* [Data entries]:
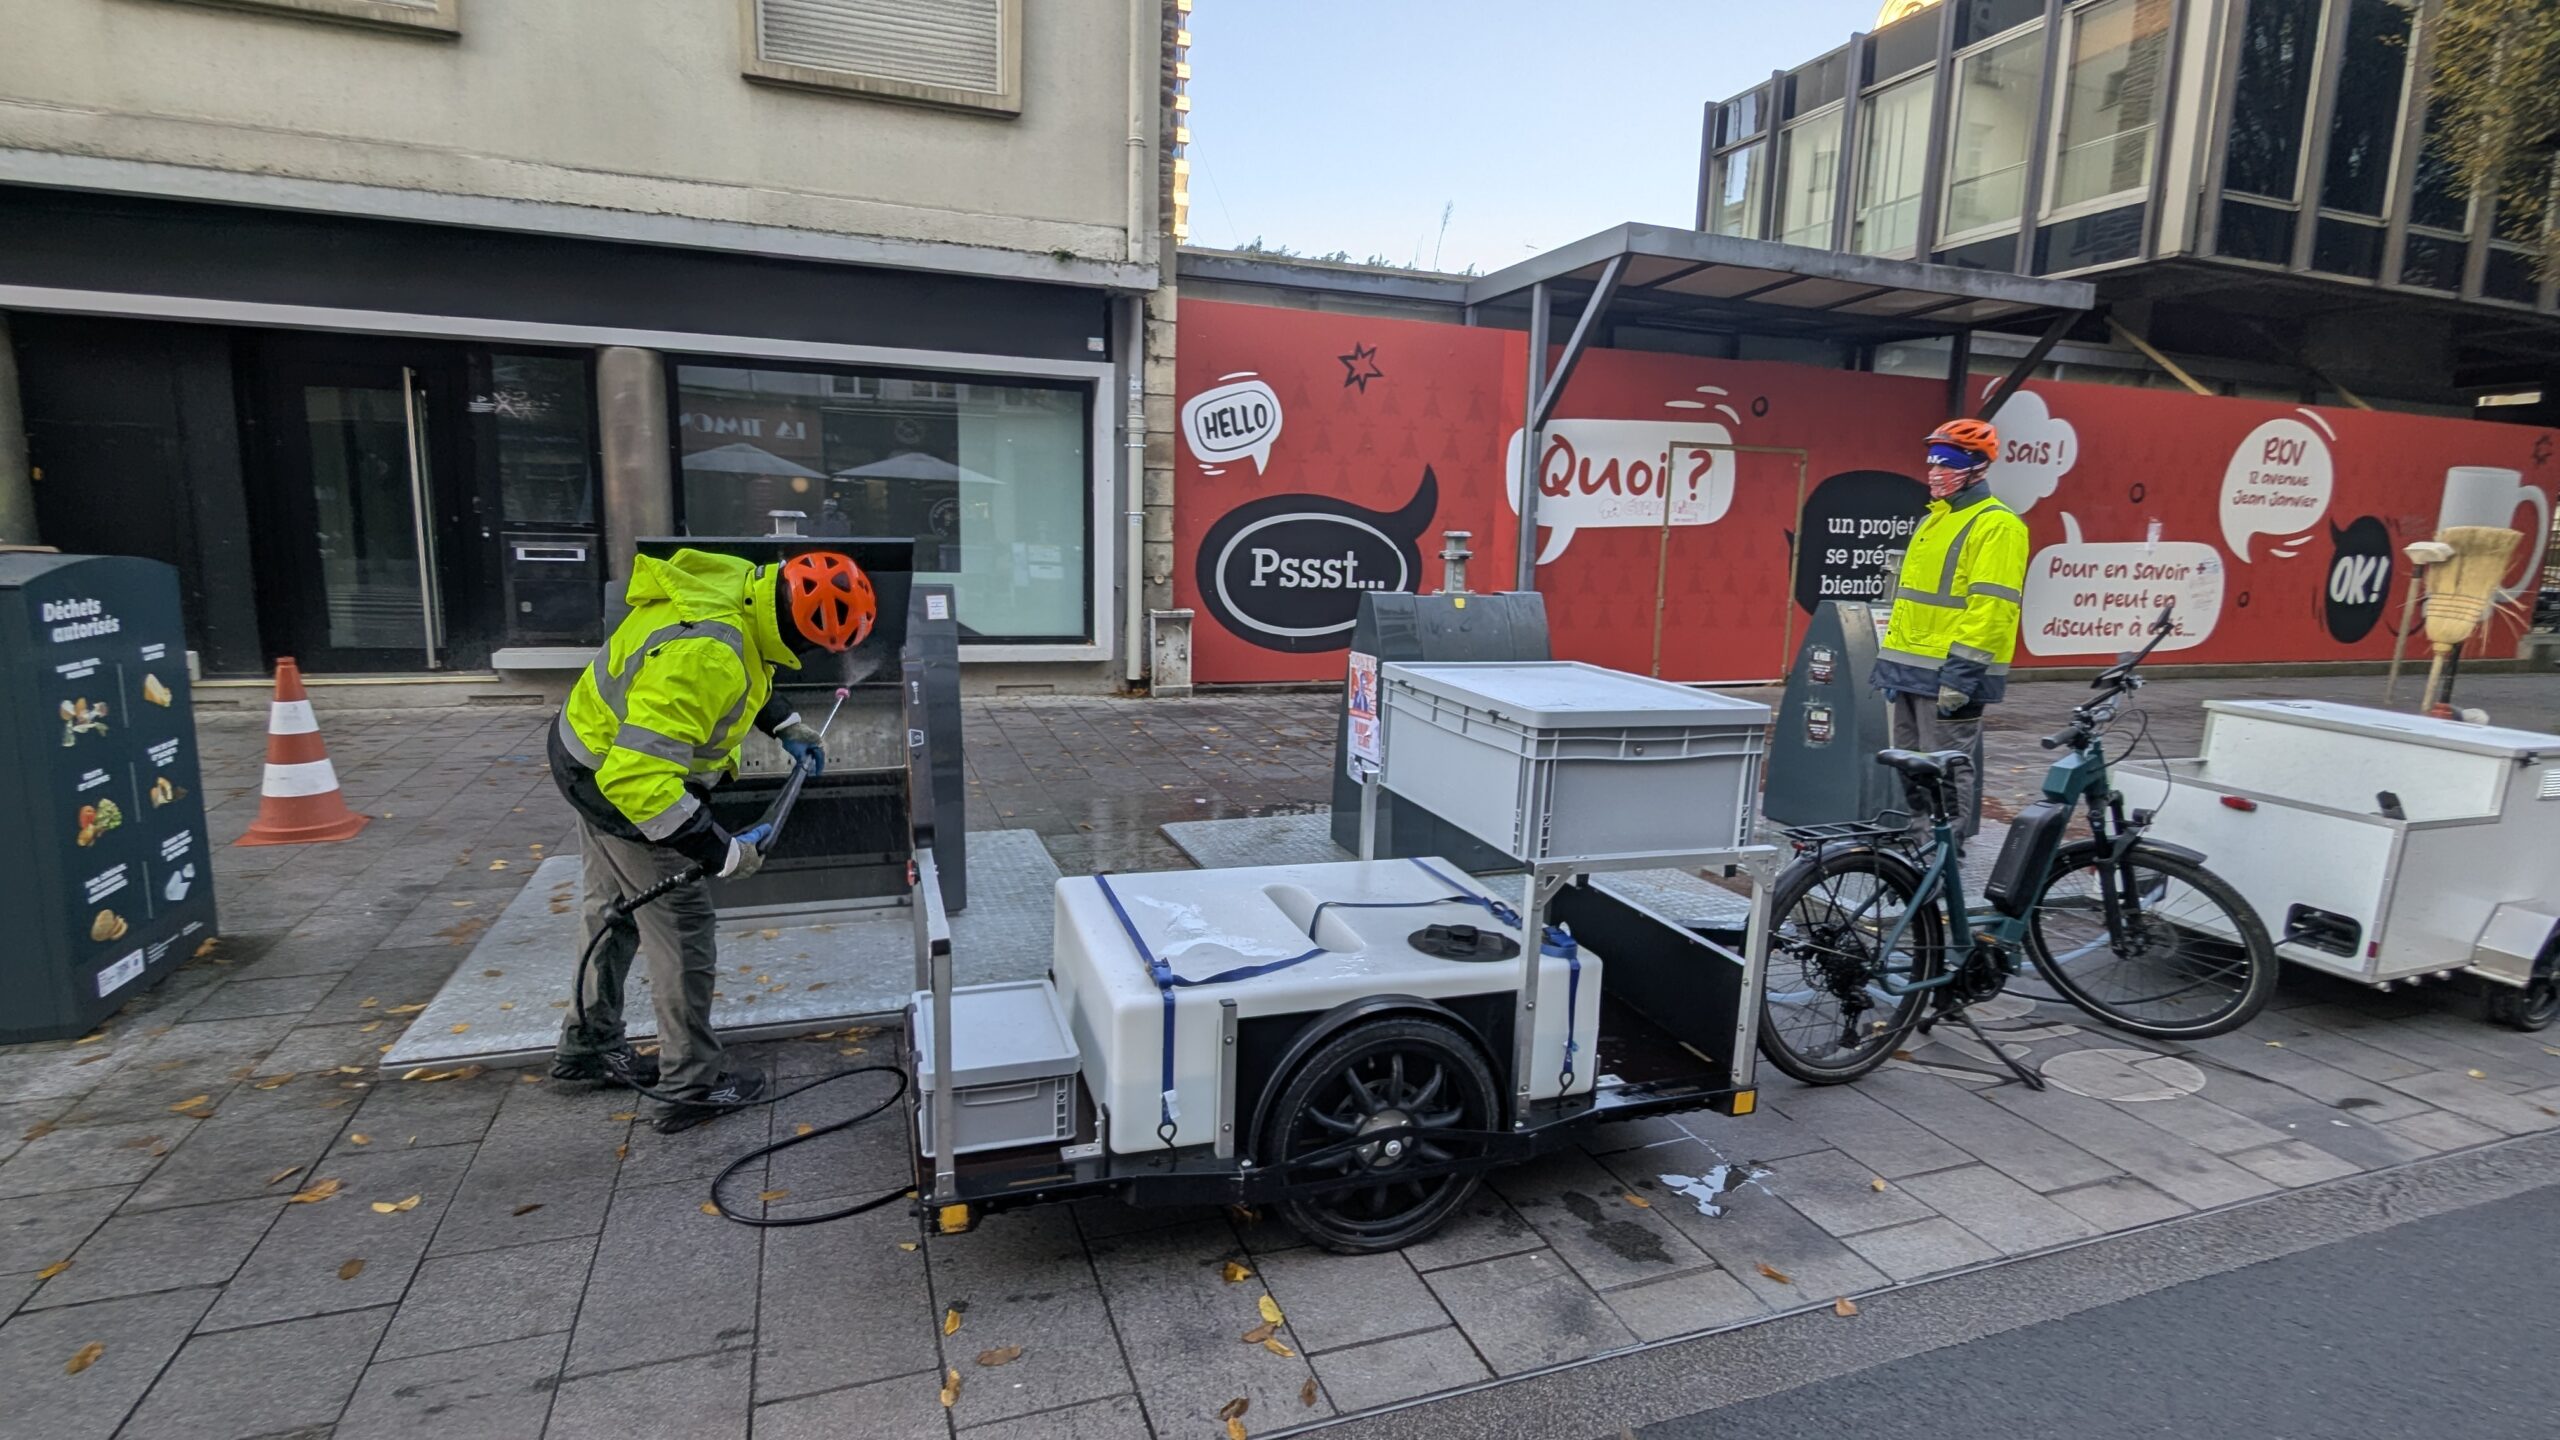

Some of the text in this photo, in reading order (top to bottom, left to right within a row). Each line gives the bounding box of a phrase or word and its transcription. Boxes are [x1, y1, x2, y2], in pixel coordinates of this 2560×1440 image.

[1203, 403, 1267, 440] HELLO
[2005, 440, 2051, 465] sais
[2262, 437, 2307, 466] RDV
[1539, 433, 1712, 501] Quoi ?
[2261, 473, 2310, 487] avenue
[1827, 515, 1916, 540] un projet
[1250, 548, 1385, 589] Pssst...
[1825, 548, 1848, 565] se
[2049, 556, 2098, 579] Pour
[2104, 564, 2127, 579] en
[1819, 574, 1886, 595] bientô
[2330, 554, 2390, 605] OK!
[43, 598, 101, 622] Déchets
[2073, 592, 2097, 607] on
[2102, 589, 2148, 611] peut
[2153, 594, 2176, 609] en
[52, 614, 120, 643] autorisés
[2043, 617, 2124, 638] discuter
[2129, 615, 2142, 636] à

* [WHAT IS NEEDED]:
Give the data again exactly as it stands, apart from the pictures.

* [RESULT OF THE EXERCISE]:
Some of the text in this photo, in reading order (top to bottom, left to right within a row). Each line gives the bounding box of a phrase or word and its transcription. Boxes are [x1, y1, x2, y2], in pixel coordinates of this 2560×1440 image.

[1203, 403, 1267, 440] HELLO
[2005, 440, 2051, 465] sais
[2262, 437, 2307, 466] RDV
[1539, 433, 1712, 501] Quoi ?
[2261, 473, 2310, 487] avenue
[1827, 515, 1916, 540] un projet
[1250, 548, 1385, 589] Pssst...
[1825, 548, 1848, 565] se
[2049, 556, 2098, 579] Pour
[2104, 564, 2127, 579] en
[1819, 574, 1886, 595] bientô
[2330, 554, 2390, 605] OK!
[43, 598, 101, 622] Déchets
[2073, 592, 2097, 607] on
[2102, 589, 2148, 611] peut
[2153, 594, 2176, 609] en
[52, 614, 120, 643] autorisés
[2043, 617, 2124, 638] discuter
[2129, 615, 2142, 636] à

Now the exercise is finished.